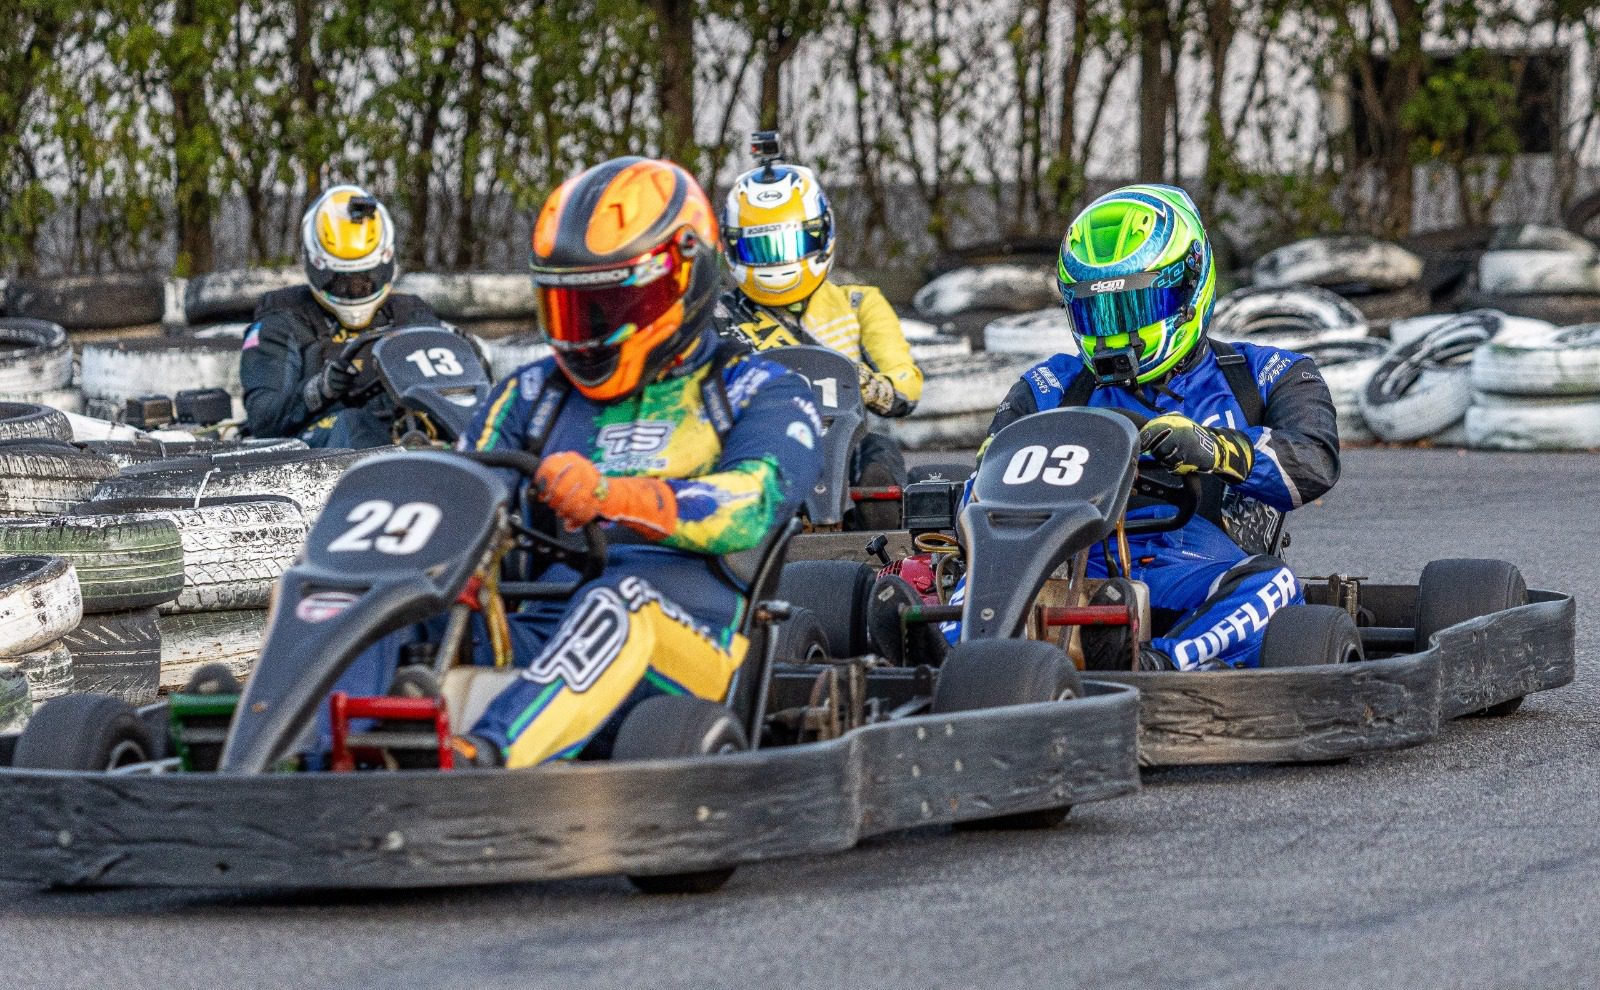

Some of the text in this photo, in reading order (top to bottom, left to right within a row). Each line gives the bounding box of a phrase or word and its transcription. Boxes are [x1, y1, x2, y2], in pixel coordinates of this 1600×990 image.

[405, 347, 464, 377] 13
[602, 424, 670, 456] TS
[1002, 444, 1090, 486] 03
[327, 500, 443, 555] 29
[1174, 567, 1296, 672] COFFLER
##############################
▶ Directions
Would you set down each line of the data exactly, with no images included?

▶ Output for this task
Some of the text in this photo, in reading order (top to bottom, left to right within a row). Each line gives the bounding box of a phrase or word and its transcription. Boxes are [x1, y1, x2, y2], in pixel coordinates of this 1600×990 image.

[405, 347, 464, 377] 13
[602, 424, 670, 456] TS
[1002, 444, 1090, 486] 03
[327, 500, 443, 555] 29
[1174, 567, 1296, 672] COFFLER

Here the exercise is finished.